TASK INSTRUCTIONS: Present the following data again exactly as it is shown.

BEGIN DATA

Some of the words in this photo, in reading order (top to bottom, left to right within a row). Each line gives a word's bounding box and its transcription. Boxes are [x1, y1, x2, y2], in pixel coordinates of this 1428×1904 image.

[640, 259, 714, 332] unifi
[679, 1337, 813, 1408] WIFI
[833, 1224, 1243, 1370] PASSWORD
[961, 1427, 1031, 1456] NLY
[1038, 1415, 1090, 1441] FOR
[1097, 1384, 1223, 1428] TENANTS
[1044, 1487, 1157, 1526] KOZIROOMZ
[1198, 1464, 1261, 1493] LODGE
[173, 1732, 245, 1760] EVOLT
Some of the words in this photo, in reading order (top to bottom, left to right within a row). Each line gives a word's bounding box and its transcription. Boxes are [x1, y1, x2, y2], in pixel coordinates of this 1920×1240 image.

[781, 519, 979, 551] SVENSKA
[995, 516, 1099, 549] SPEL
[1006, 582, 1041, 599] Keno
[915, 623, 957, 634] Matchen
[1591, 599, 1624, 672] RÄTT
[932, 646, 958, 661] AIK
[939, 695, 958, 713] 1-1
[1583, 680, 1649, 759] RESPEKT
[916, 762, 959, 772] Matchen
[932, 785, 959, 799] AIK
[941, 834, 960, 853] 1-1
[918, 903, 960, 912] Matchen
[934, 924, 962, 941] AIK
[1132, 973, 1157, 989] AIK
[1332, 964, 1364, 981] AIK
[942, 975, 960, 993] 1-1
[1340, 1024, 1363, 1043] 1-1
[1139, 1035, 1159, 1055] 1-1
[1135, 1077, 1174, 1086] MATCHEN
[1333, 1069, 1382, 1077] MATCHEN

END DATA

ANSWER SPACE:
Some of the words in this photo, in reading order (top to bottom, left to right within a row). Each line gives a word's bounding box and its transcription. Boxes are [x1, y1, x2, y2], in pixel coordinates of this 1428×1904 image.

[640, 259, 714, 332] unifi
[679, 1337, 813, 1408] WIFI
[833, 1224, 1243, 1370] PASSWORD
[961, 1427, 1031, 1456] NLY
[1038, 1415, 1090, 1441] FOR
[1097, 1384, 1223, 1428] TENANTS
[1044, 1487, 1157, 1526] KOZIROOMZ
[1198, 1464, 1261, 1493] LODGE
[173, 1732, 245, 1760] EVOLT
Some of the words in this photo, in reading order (top to bottom, left to right within a row). Each line gives a word's bounding box and its transcription. Boxes are [x1, y1, x2, y2], in pixel coordinates of this 1920×1240 image.

[781, 519, 979, 551] SVENSKA
[995, 516, 1099, 549] SPEL
[1006, 582, 1041, 599] Keno
[915, 623, 957, 634] Matchen
[1591, 599, 1624, 672] RÄTT
[932, 646, 958, 661] AIK
[939, 695, 958, 713] 1-1
[1583, 680, 1649, 759] RESPEKT
[916, 762, 959, 772] Matchen
[932, 785, 959, 799] AIK
[941, 834, 960, 853] 1-1
[918, 903, 960, 912] Matchen
[934, 924, 962, 941] AIK
[1132, 973, 1157, 989] AIK
[1332, 964, 1364, 981] AIK
[942, 975, 960, 993] 1-1
[1340, 1024, 1363, 1043] 1-1
[1139, 1035, 1159, 1055] 1-1
[1135, 1077, 1174, 1086] MATCHEN
[1333, 1069, 1382, 1077] MATCHEN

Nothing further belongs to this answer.